The release of Ralph's debut album, A Good Girl, cements her sleek, melodic sound previously heard on her fun, and infectious self-titled EP. The album take its listeners on the distances from the first glimpse of infatuation to the sometimes, inevitable heartache. As a longtime friend of VSP, we sat down with Ralph to talk about her writing process, her favourite style icons, and the future of pop music.
During the recording of ‘A Good Girl’, what were your biggest influences?
Over the 16 months that I wrote the album, a lot happened - friendships changed and I spent more time alone, I fell into my first long-term relationship and then ended it. I became aware and more comfortable talking about mental health, body issues and self-love, and I started to see my music gaining more and more attention, which was exciting and nerve-wracking at the same time. I think those themes all contributed to the album. All the ships - friendships and relationships with partners, yourself, and your career.
How would you describe your writing process?
I’m inspired by anything and everything - an overheard conversation, a moving scene in a film, a character in a book, a text message - so I’m constantly writing lyric ideas. My phone notepad is a mess of random phrases, sentences and sometimes entire verses or choruses. Then I bring those ideas into the studio and talk with my producer about what I’m feeling or thinking about that day. I’m an open book in the studio. In order for me to write a song I’m passionate about, it has to tap into an honest place.
What would you like your audience to take away from this album?

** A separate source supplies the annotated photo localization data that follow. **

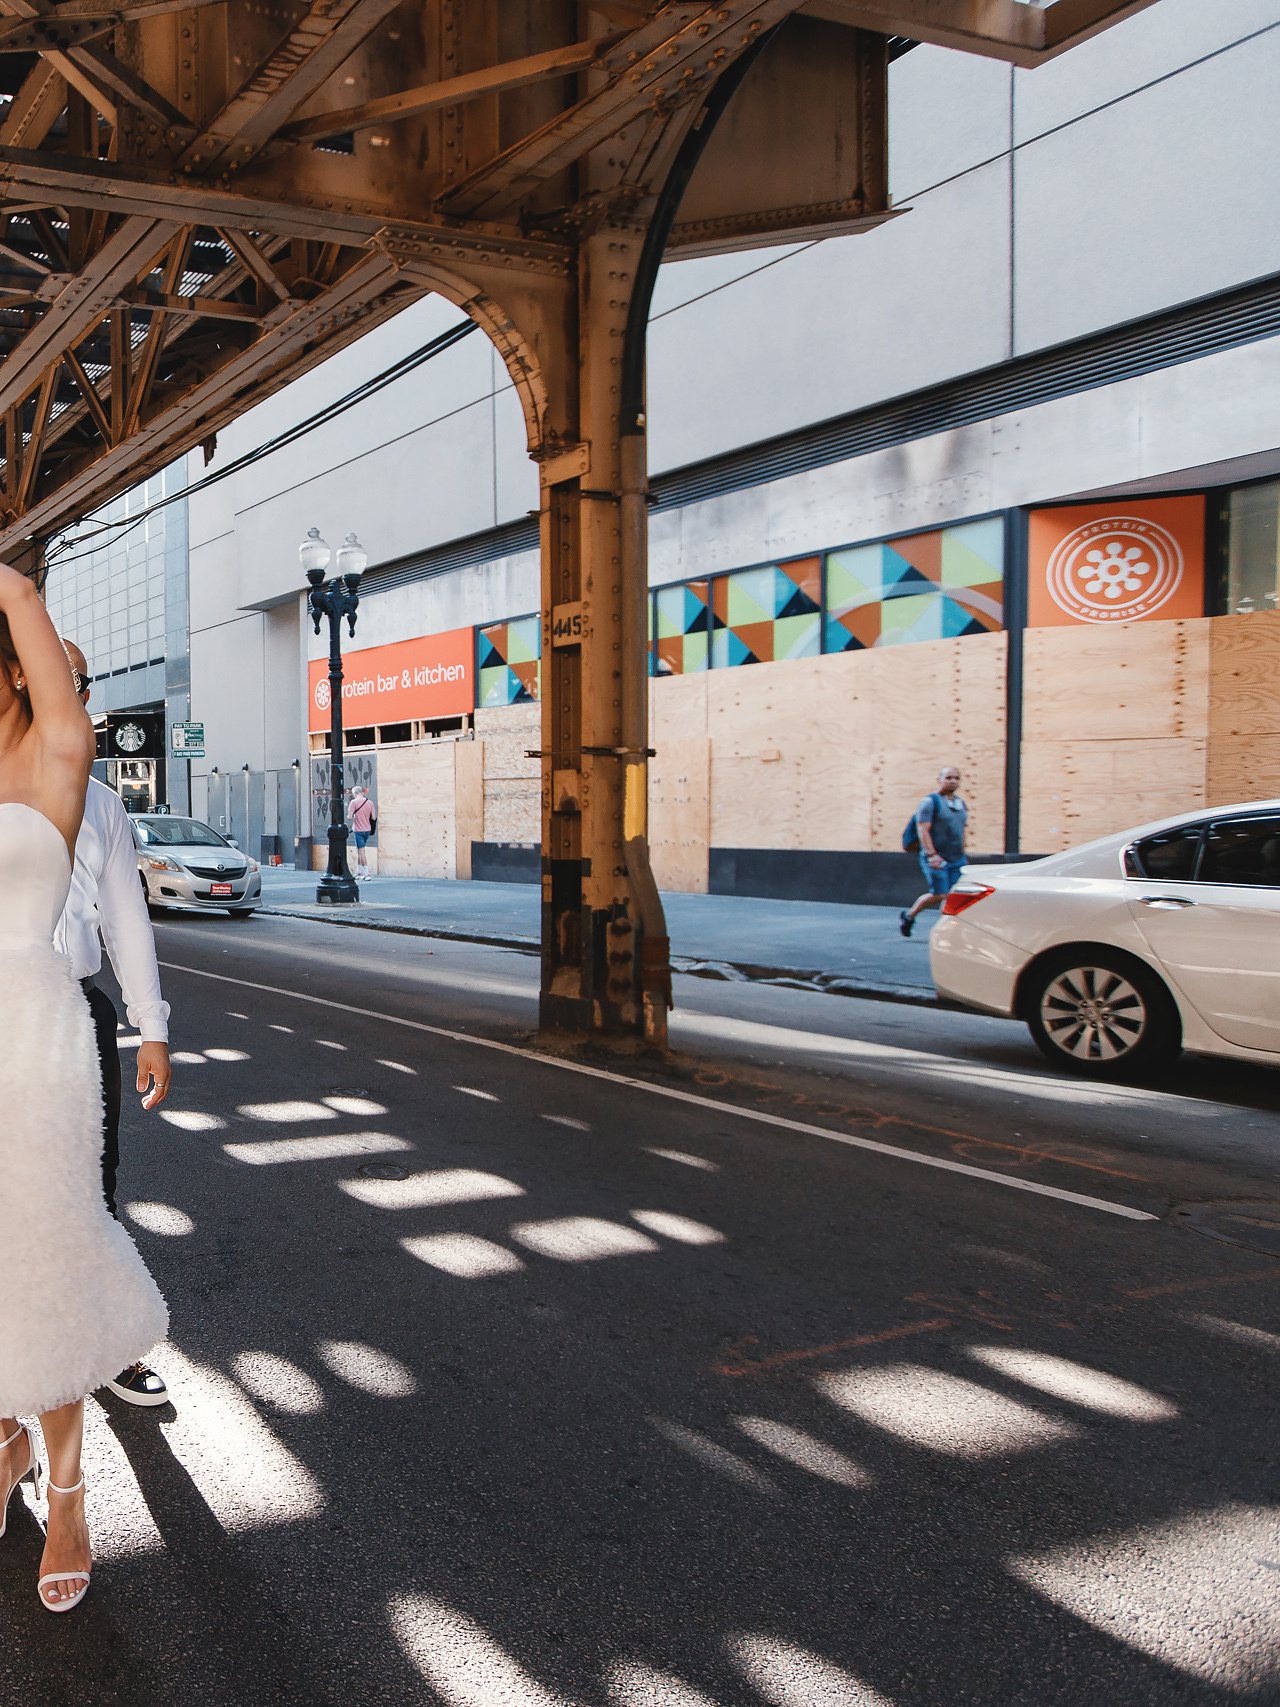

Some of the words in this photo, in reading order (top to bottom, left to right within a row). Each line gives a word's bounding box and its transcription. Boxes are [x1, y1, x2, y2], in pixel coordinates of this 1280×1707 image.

[1081, 522, 1147, 537] PROTEIN
[1080, 603, 1146, 618] PROMISE
[553, 615, 581, 638] 445
[341, 677, 375, 698] rotein
[377, 674, 399, 692] bar
[401, 669, 411, 688] &
[414, 663, 465, 686] kitchen

I hope that people feel inspired by the honesty and vulnerability. The whole point of the album name is that it’s tongue in cheek, because humans are too complicated to be ONE thing, myself included. I’m not good or bad, and that’s totally fine. I wanted the songs to show that in their separate narratives, for example some of the lyrics talk about being hurt while others admit to being the heartbreaker. Humans are complex and that’s what makes for compelling stories, right?

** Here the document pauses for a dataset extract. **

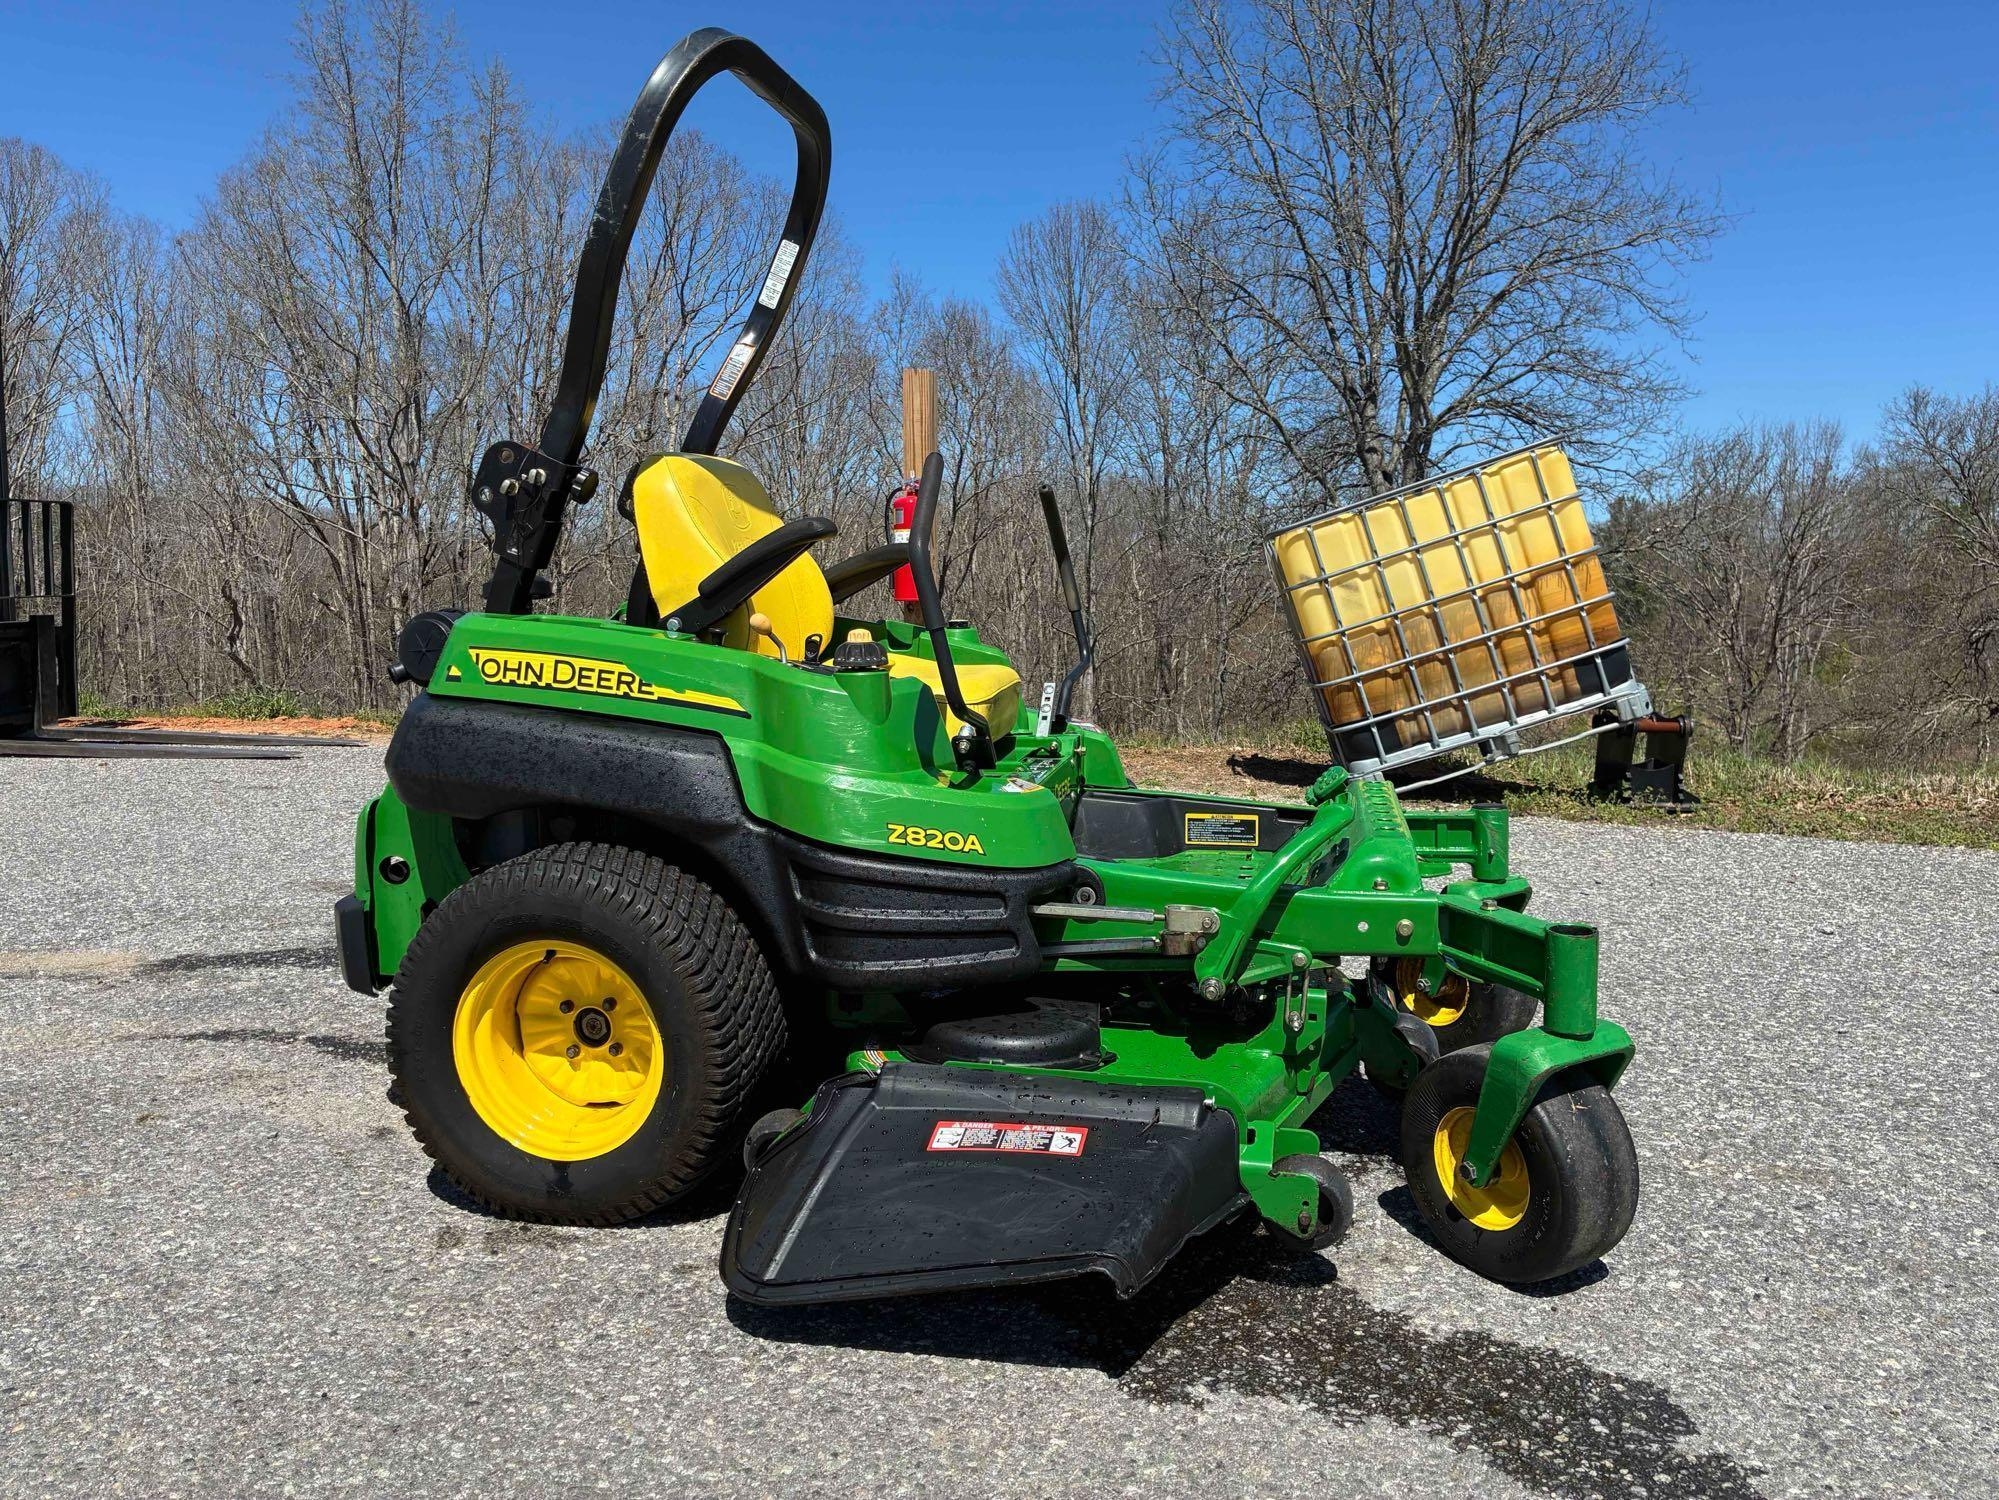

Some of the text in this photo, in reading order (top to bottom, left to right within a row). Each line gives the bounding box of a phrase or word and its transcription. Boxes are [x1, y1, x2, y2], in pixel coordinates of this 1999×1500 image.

What have you been listening to as of late?
I’ve been listening to MorMor (i love the Jacques Greene remix of his track ‘Heaven’s Only Wishful’), Ella Mai, Jim Junior, Ariana Grande, new Robyn, Maggie Rogers, King Princess, LEON, and Yellow Days.
Who have been your favourite style icons?
I always look to Rihanna for inspiration, Solange, Tiffany Hsu, Anna Della Russo (love her risks), Chloe Sevigny, Diana Ross AND Tracee Ellis Ross, Reese and Molly Blutstein, Stephanie Broek, Pandora Sykes.
How would you describe your style onstage and off?
Honestly they’re really similar, but I would say that onstage I’m always trying to bring a strong, statement look, where as real life Raffa can be a bit more chill. Onstage I love monochromatic looks, onesies, crop tops with a high waisted pant, anything with a little sparkle and outfits I can move in (I do a lot of dancing) - think like Rejina Pyo meets Adam Selman, Horses Atelier meets sport. Offstage I love a hoodie and trench look, a tight high-waisted jean with a slide or a cool sneaker, turtlenecks, mixing patterns, loud jackets and statement earrings. I’m always switching up my bags but my easy go-to is my beloved nylon canvas Prada crossbody, from VSP of course.
What direction do you think pop music is heading?
What’s so amazing about pop is that it’s a hybrid genre at this point - pop artists are infusing their music with a bunch of different styles, there’s so much room to experiment. Some of the best music right now is pop - Drake, Ariana, Dua Lipa, Young Thug & Elton John, Janelle Monae, Kali Uchis, Selena Gomez - and it’s drawing listeners because the songs are saturated with sounds and melodies from different musical genres. I think pop is having an intense comeback.